Nationwide, the airline expects to pick up 8 percent in capacity this year by adding 33 planes to its fleet.
Southwest chief executive Gary Kelly said the airline would continue to focus on key growth markets including Denver, Chicago, Pittsburgh, Philadelphia and Florida, especially Fort Myers, where it recently added service for the first time.
"Our Florida markets have been a huge success story for us in the last decade," Kelly said, touting the airline's gaining dominance in the state.
Delta, once the official airline of Walt Disney World, has long been considered a leading carrier in the state, particularly in Orlando where its expansion in the early 1990s fueled the airport's growth.
But during 2005 Southwest began to overtake Delta in passenger market share in Orlando, though the margin remains slim. Southwest has also gained market share over Delta at Tampa International Airport, according to airport statistics.
Southwest said its fourth-quarter profit rose 54 percent despite a security fee assessed by the Transportation Security Administration, and that profits were up 75 percent for the year. The Dallas-based airline, the only major U.S. carrier to remain profitable since the 2001 terrorist attacks, said it plans to contest the $24 million in unexpected security expenses from TSA.
The year-end 2005 profit marked Southwest's 33rd consecutive annual profit, a record in the bruising airline industry.

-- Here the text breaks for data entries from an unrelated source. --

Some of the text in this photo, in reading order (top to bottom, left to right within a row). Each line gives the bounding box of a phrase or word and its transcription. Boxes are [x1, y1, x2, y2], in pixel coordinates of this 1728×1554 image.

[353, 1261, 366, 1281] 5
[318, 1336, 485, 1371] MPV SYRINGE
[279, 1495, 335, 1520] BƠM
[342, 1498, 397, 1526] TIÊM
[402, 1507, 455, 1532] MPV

Southwest officials gave little weight to any threat that might be brought on by start-up airline Virgin America, which is awaiting Federal Aviation Administration approval to begin service in some Southwest markets, including Orlando.

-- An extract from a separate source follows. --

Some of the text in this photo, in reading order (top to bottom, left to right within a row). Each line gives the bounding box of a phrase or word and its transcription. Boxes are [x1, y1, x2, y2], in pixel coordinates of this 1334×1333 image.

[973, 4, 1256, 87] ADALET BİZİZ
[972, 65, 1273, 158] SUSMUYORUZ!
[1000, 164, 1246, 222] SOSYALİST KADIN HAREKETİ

Kelly called starting an airline with crude oil hovering at about $65 a barrel an "enormous risk."
Southwest has kept its costs down by hedging about 85 percent of its fuel costs as soaring prices have devastated other airlines.
At the beginning of this year Southwest's hedging falls to 75 percent at a crude oil price of about $36 a barrel. The airline maintains some hedging protection through 2009.